Go here and print out the "quickchart for your regs.
http://myfwc.com/fishing/saltwater/regulations/

Fishing dead bait on the bottom, you arelikely to catch whiting, croaker, and black drum. All very tasty, but watch your size on the drum as well.


----------



## wflgator (Oct 1, 2007)

You might want to try wade fishing in St Joe Bay too. I've got trout in Eagle Harbor area in St Joe Park. 

Check out the guys at Blue Water Outriggers in PSJ. They can tell you what's biting and get you outfiited with the rgiht baits and gear.

http://www.bluewateroutriggers.net/fishing_report.cfm


----------



## Stevarino (Jun 14, 2012)

Thanks guys for the feedback.. Keep it coming if you have anythign to offer. 

I've been to the state's fish and game site and read thru the regs, species, ect.. I tell you what.. there is room for error if you plan on keeping anything.... Many of the species are very simlar to one another with various restrictions.. Sharks specifically seem quite difficult to identify in some cases. 

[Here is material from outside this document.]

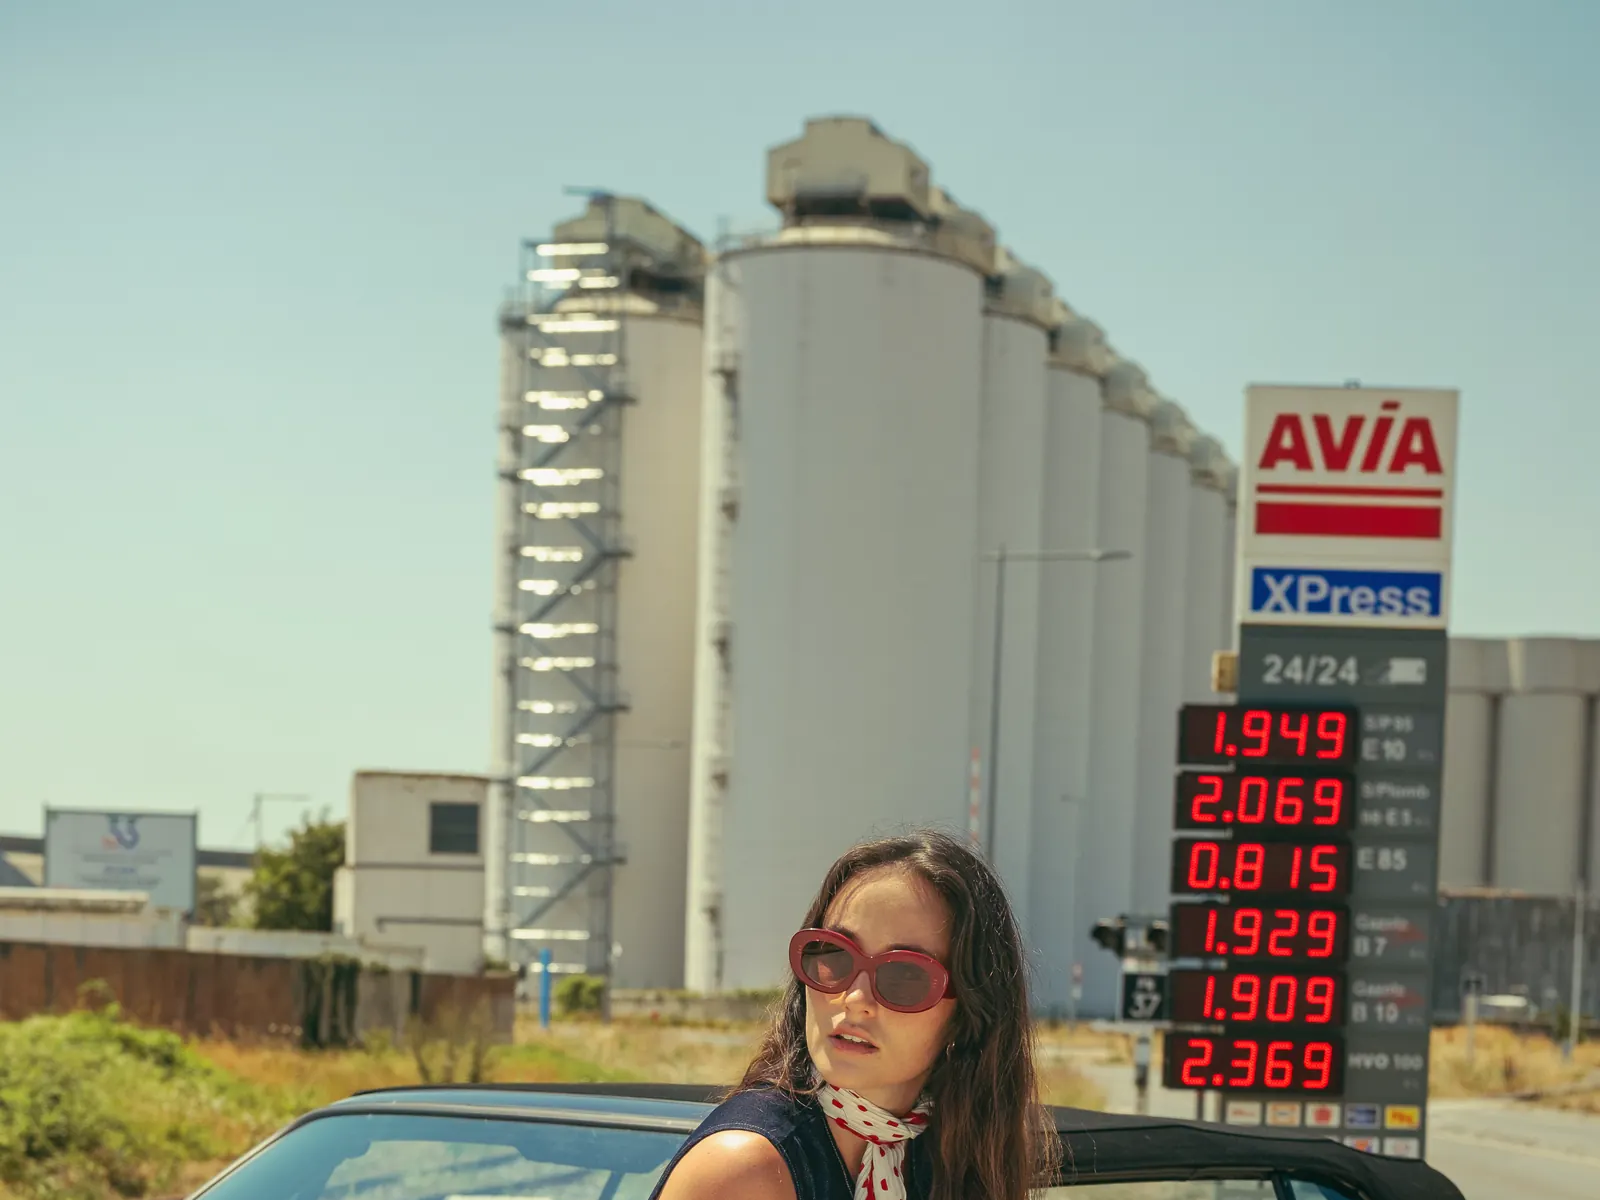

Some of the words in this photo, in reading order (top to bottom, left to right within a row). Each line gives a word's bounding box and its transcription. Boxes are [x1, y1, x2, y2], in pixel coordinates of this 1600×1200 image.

I remember catching a few hammer's last time, but not sure of the exact type of hammer.. didnt know there were so many different species.. 

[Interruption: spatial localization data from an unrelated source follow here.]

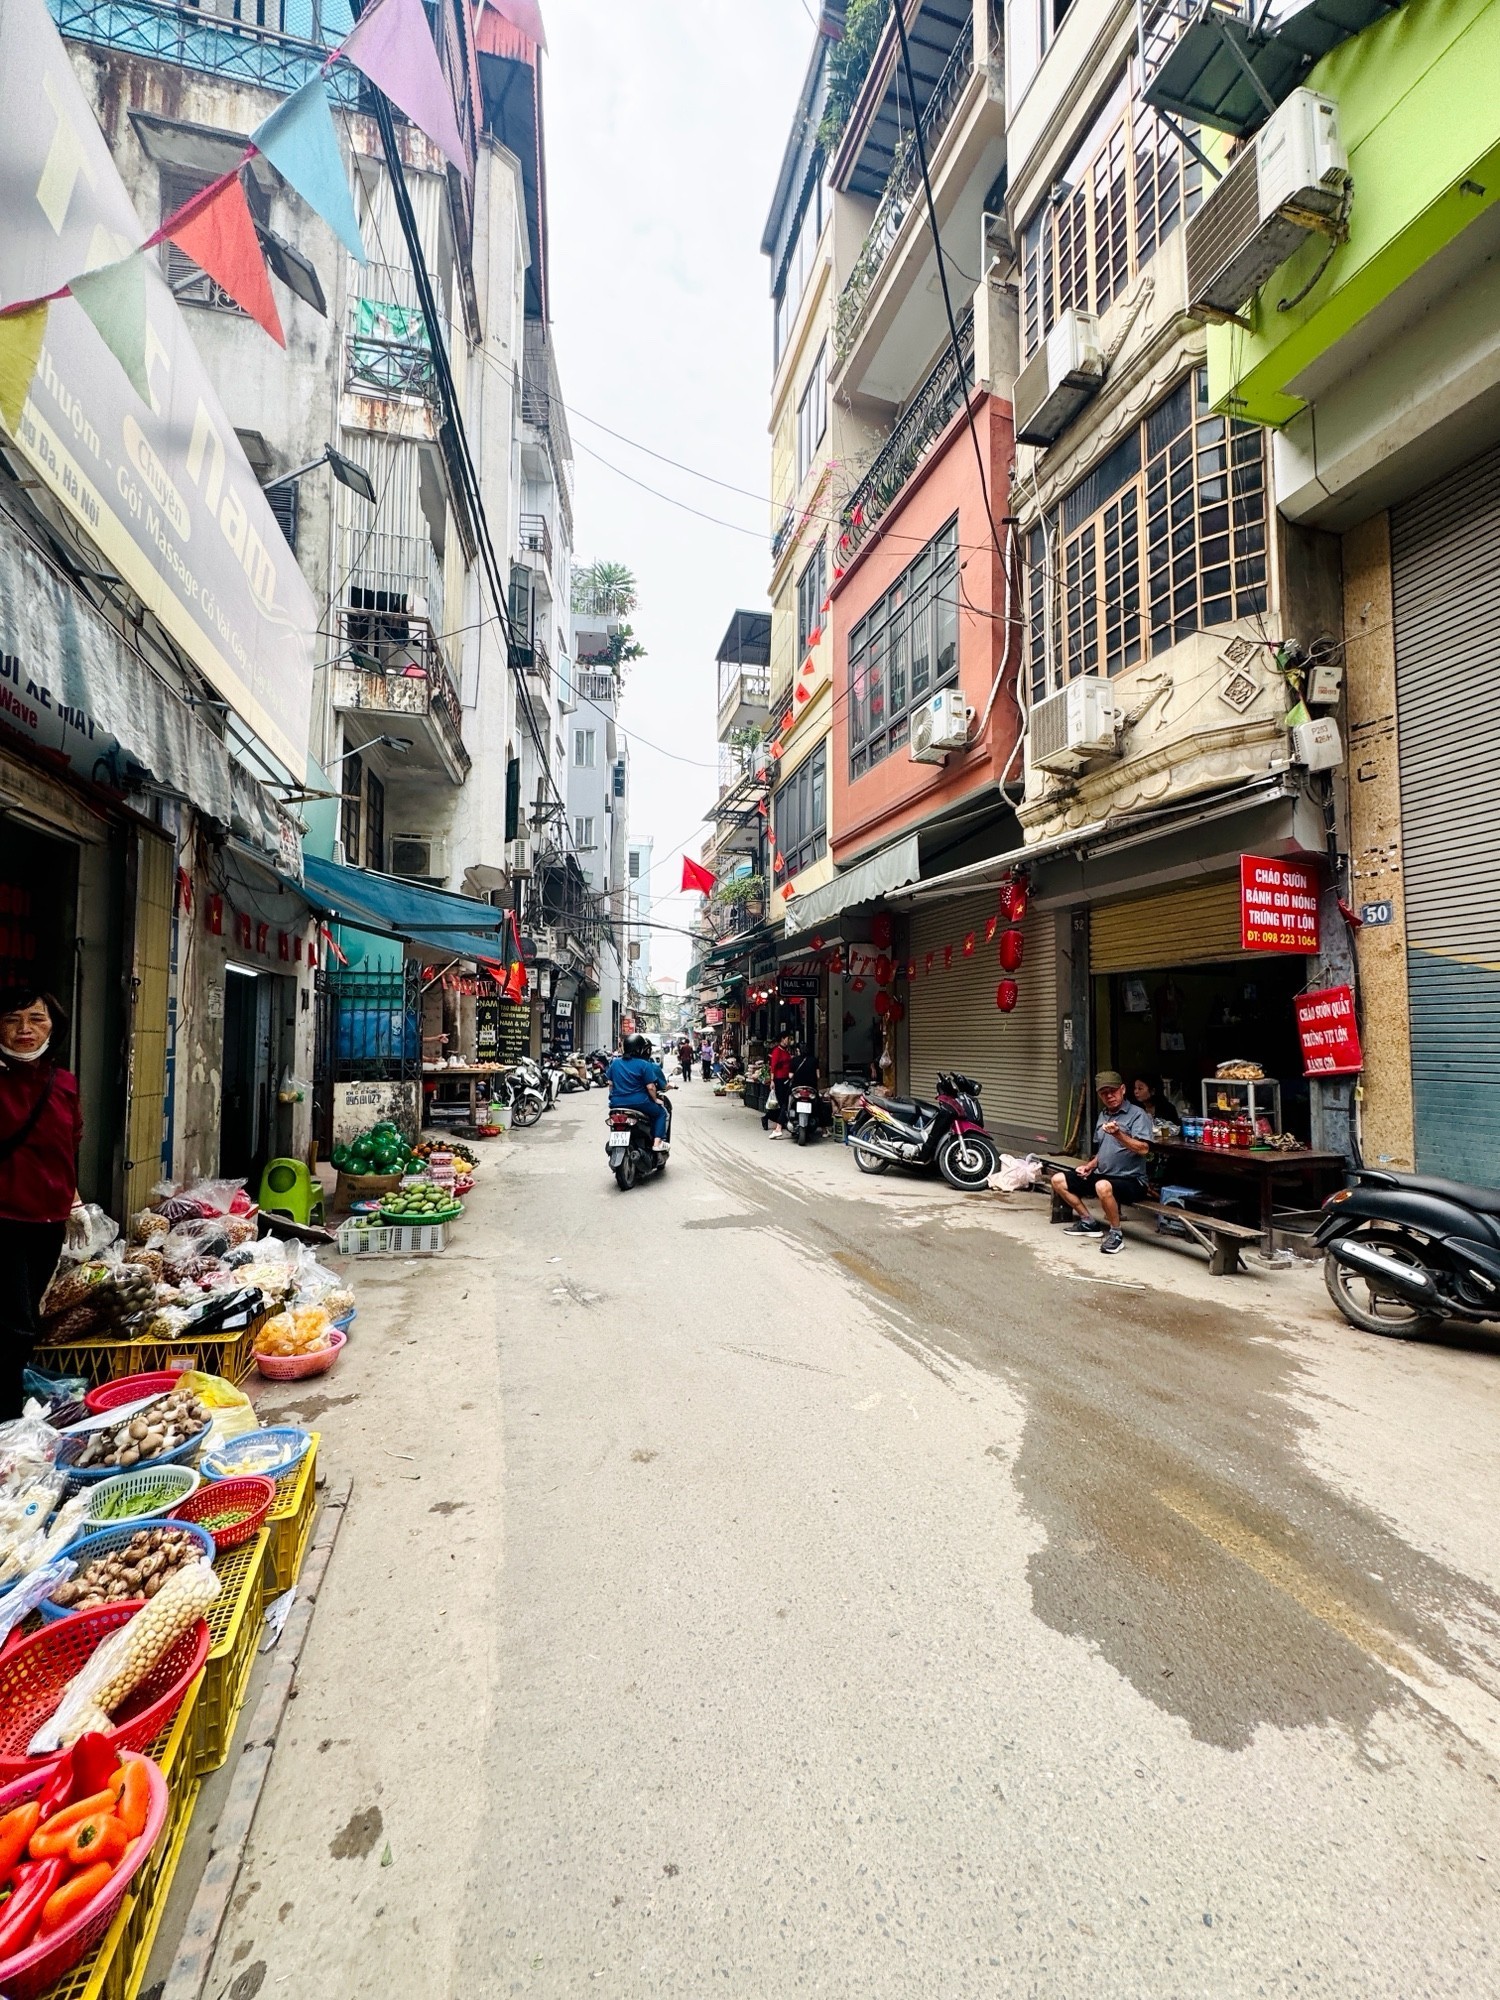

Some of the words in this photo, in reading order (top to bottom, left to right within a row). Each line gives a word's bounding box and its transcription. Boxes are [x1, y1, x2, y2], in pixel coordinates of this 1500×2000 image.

[138, 439, 183, 527] Chuyên
[62, 463, 79, 502] Hà
[80, 486, 101, 528] Nội
[117, 465, 143, 520] Gội
[145, 504, 198, 598] Massage
[216, 607, 230, 643] Vai
[1255, 868, 1280, 885] CHÁO
[1282, 871, 1307, 889] SƯỜN
[1245, 887, 1271, 905] BÁNH
[1274, 890, 1289, 907] GIÒ
[1291, 892, 1317, 911] NÓNG
[1249, 909, 1280, 927] TRỨNG
[1281, 913, 1296, 931] VỊT
[1297, 914, 1315, 932] LỘN
[1366, 904, 1388, 923] 50
[1074, 919, 1085, 931] 52
[1247, 930, 1260, 942] ĐT:
[1262, 932, 1278, 944] 098
[1280, 933, 1295, 945] 223
[1297, 935, 1317, 947] 1064
[783, 980, 800, 988] NAIL

We'll mostly practice catch and release, but a few trout, reds, or flounder sure would be nice to try in the pan or grill one night or two.

FYI.. i have two young boys and my father in law on this trip, so any other recommendations for all ages would be appreciated.

Thanks.


----------



## fisheye48 (Sep 28, 2007)

wflgator said:


> You might want to try wade fishing in St Joe Bay too. I've got trout in Eagle Harbor area in St Joe Park.
> 
> Check out the guys at Blue Water Outriggers in PSJ. They can tell you what's biting and get you outfiited with the rgiht baits and gear.
> 
> http://www.bluewateroutriggers.net/fishing_report.cfm


great bunch of guys in the there!! very helpful and friendly and dont mind helping you out


----------



## Razzorduck (Oct 22, 2007)

We take our kayaks there and launch off the beach. Tarpon will be running the beach in July. Live bait most effective on Tarpon. Sharks are thick!! Early morning throw a topwater like spook out there but be sure to use a short 30lb leader as the bluefish, spanish and ladyfish will be active. Fresh dead shrimp will get hit using carolina rig with a #2 lite circle hook. Have Fun..it is a beautiful place.


----------



## Stevarino (Jun 14, 2012)

Good stuff.. thanks.. Sounds like i might have the opportunity to cook some shark.. I hear black tip is decent.. 
I'll look into some recipies for bluefish, spanish and ladyfish.


----------



## NoMoSurf (Oct 2, 2007)

Ladyfish are pretty much inedible, but theyt are HUGE fun to catch on light takle. They will hit just about anything that moves. I find the best luck with a simple jig head with a good ol white grub about 3 inches long. Some days they like it bounced on the bottom, and some days they like it sunk to the bottom and then reel fast. They are alot of fun, especially for kids and wives. They make dashing runs and will get airborn 2 or 3 times for each one you catch. Inedible, but they make spectacular shark bait. hint, hint... I was down ther about a month ago and there were schools of hundreds of ladyfish off the tip of san blas. It was unreal! You could just see them swirling all around about 20-30ft from you. What a blast we had.

As for the BLuewater Outfitters recomendation... I could spend days and 10's of thousands of dollars in there!!! What a toystore!!! And they have clothes and jewelry for the women, and a kids section as well... No one tugging at you to leave while you look at the fishing treasure trove! Great guys to talk to as well.

Speaking of Bluewater, you can fish an area behind them called the "oildocks" good fishing to be had from the "pier" there. Not really a pier, but a decent platform to fish from, with bathrooms. haha


----------